Brain hemorrhage is one of the most common and lethal forms of stroke affecting more than 2 million patients annually worldwide. When the blood clot forms and obstructs the circulation of cerebrospinal fluid (CSF), it can lead to an even deadlier situation (50-80% mortality) known as post-hemorrhagic hydrocephalus. Surgeons typically use drainage devices to rapidly remove blood from the brain and, recently, the combination therapy using external ventricular drainage with blood-thinning drugs has received much attention. However, these types of small molecules are still not recommended for patients due to the elevated risk for neural inflammation and secondary bleeding. To enable rapid blood removal without the risk of secondary bleeding, inflammation, and drainage device obstruction, we developed a self-clearing catheter with magnetic micro actuator that can generate large enough forces to break down obstructive blood clots by applying time-varying magnetic fields.

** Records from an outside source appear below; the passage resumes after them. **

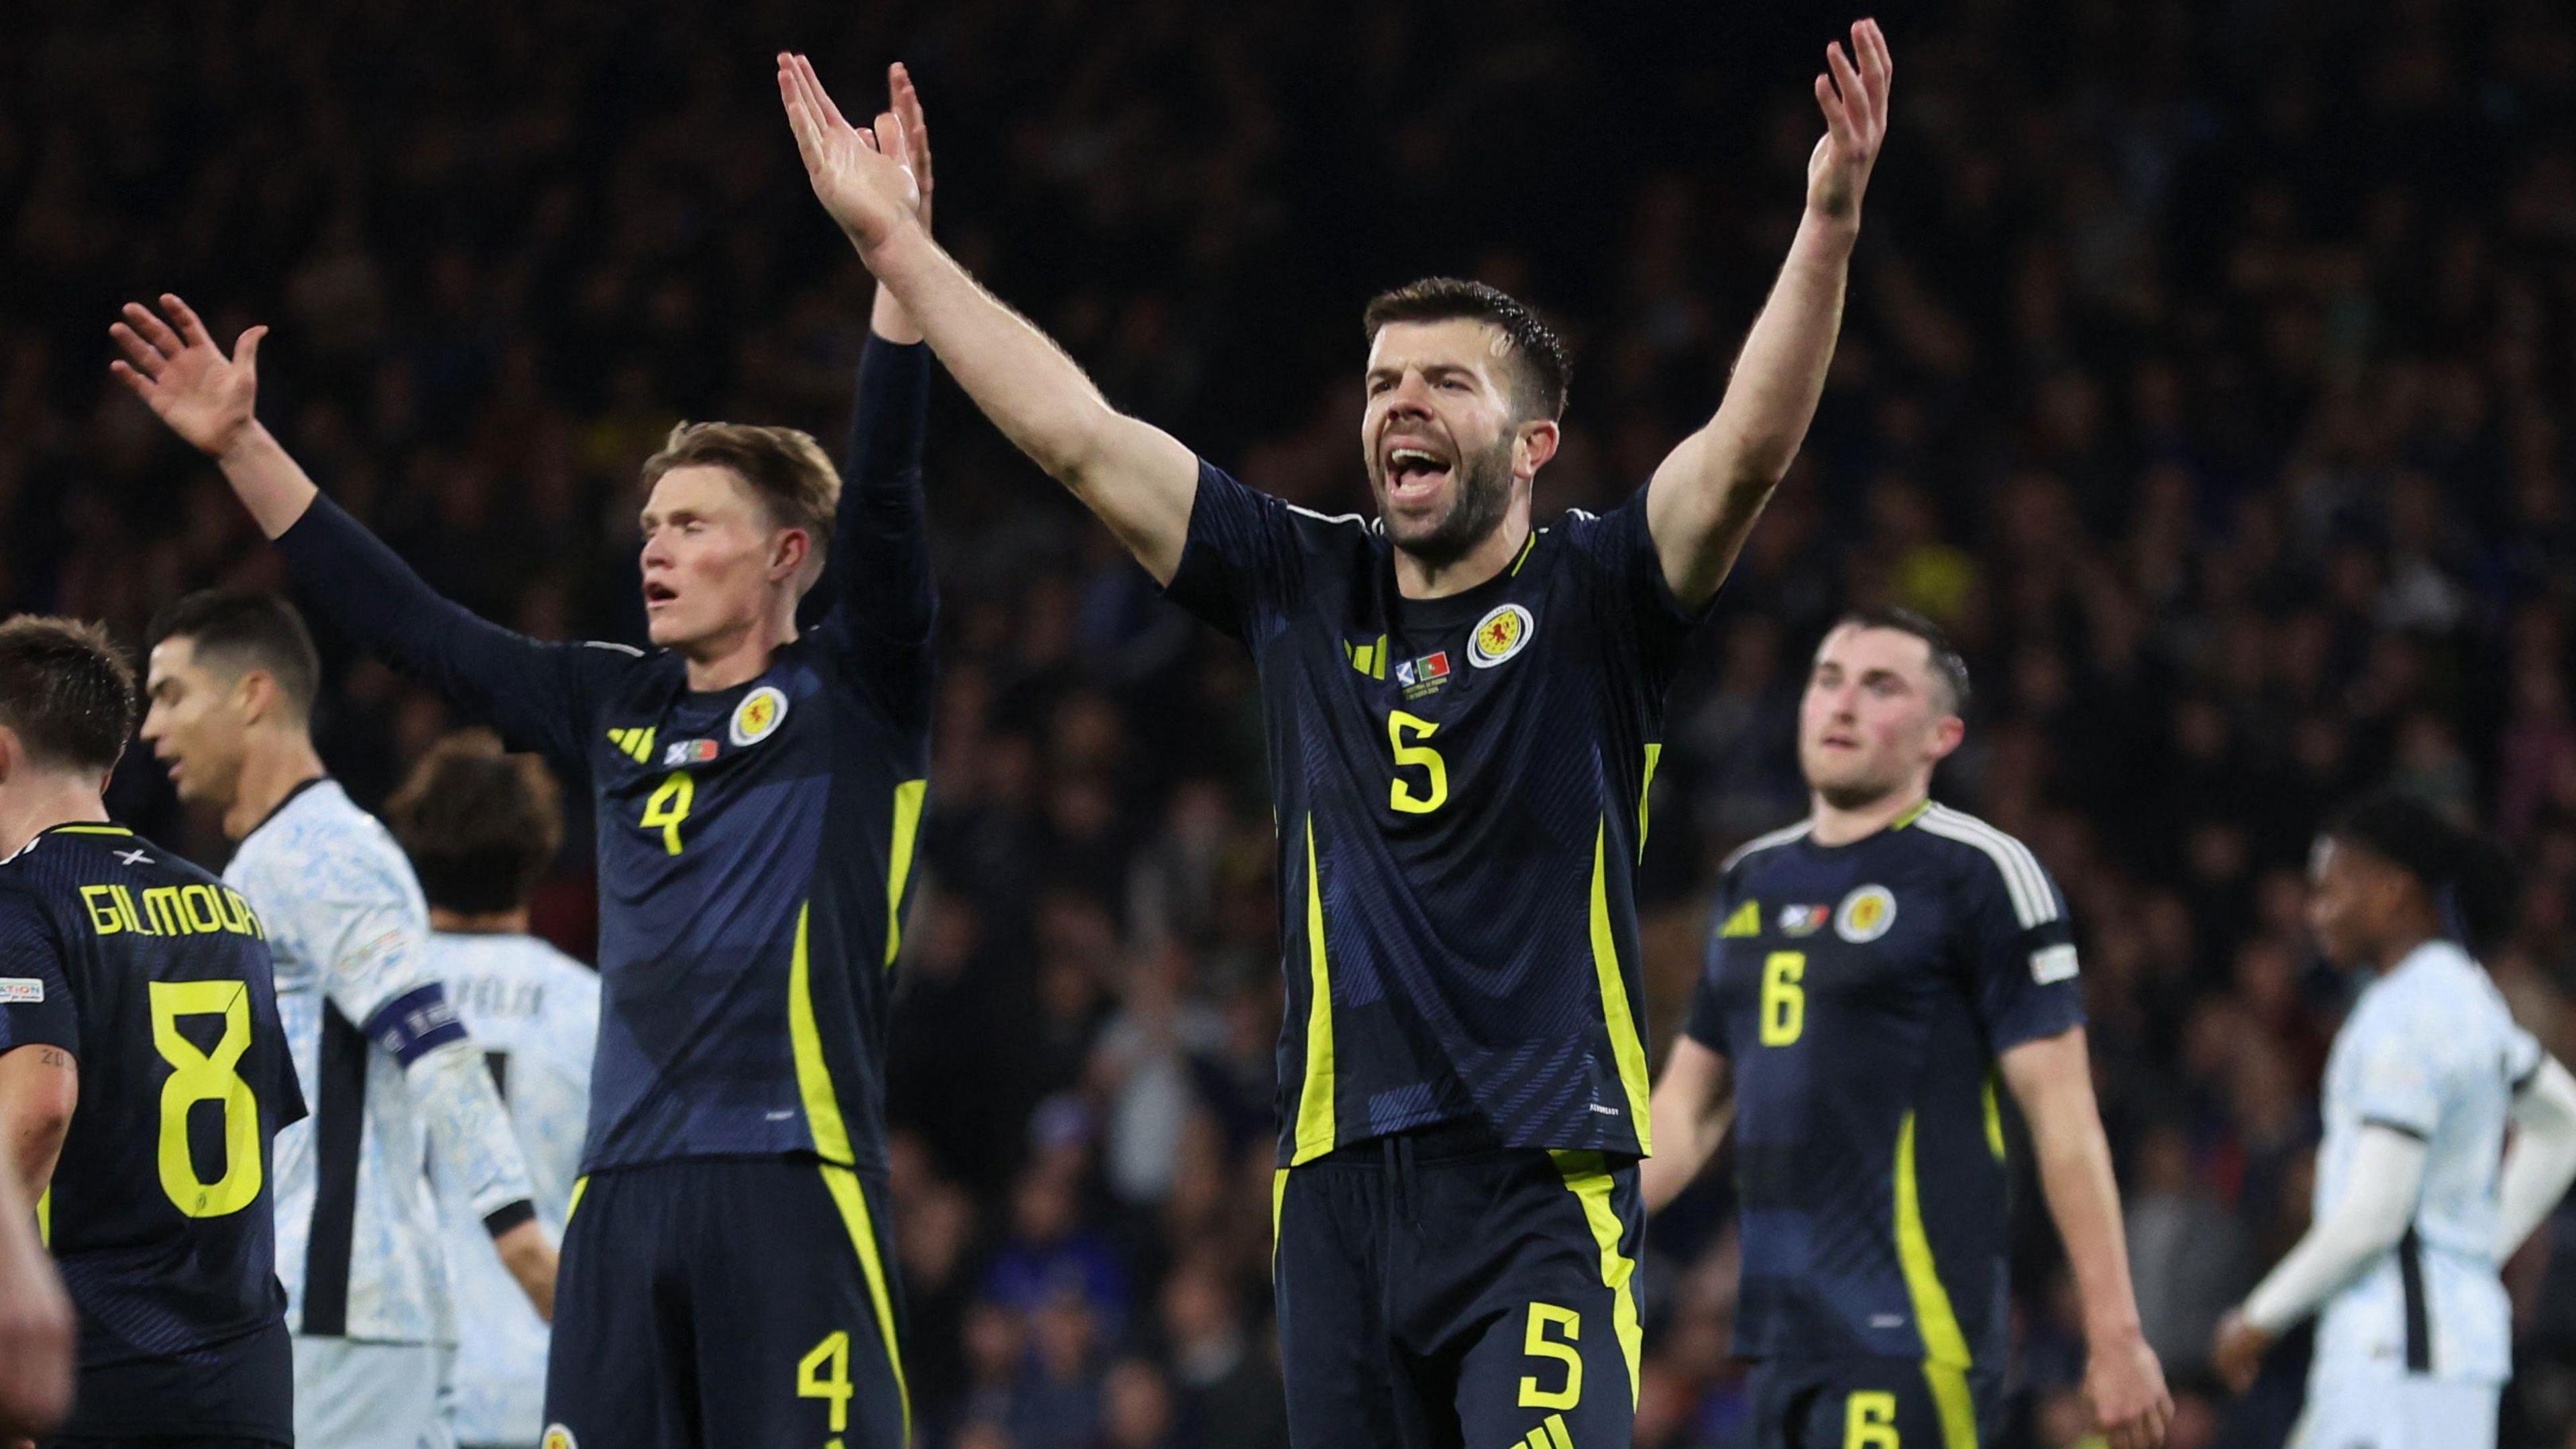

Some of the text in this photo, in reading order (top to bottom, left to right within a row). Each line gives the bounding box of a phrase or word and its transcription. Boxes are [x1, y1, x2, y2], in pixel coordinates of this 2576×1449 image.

[1388, 710, 1448, 814] 5
[639, 772, 694, 856] 4
[80, 884, 264, 941] GILMOUR
[1761, 951, 1806, 1046] 6
[149, 980, 262, 1218] 8
[797, 1331, 853, 1432] 4
[1517, 1301, 1582, 1410] 5

In a blood-circulating model, our self-clearing catheters demonstrated a > 7x longer functionality than traditional catheters (211 vs. 27 min) and maintained a low pressure for longer periods (239 vs. 79 min). Using a porcine IVH model, the self-clearing catheters showed a greater survival rate than control catheters (86% vs. 0%) over the course of 6 weeks. The treated animals also had significantly smaller ventricle sizes 1 week after implantation compared to the control animals with traditional catheters. Our results suggest that these magnetic microactuator-embedded smart catheters can expedite the removal of blood from the ventricles and potentially improve the outcomes of critical patients suffering from often deadly IVH.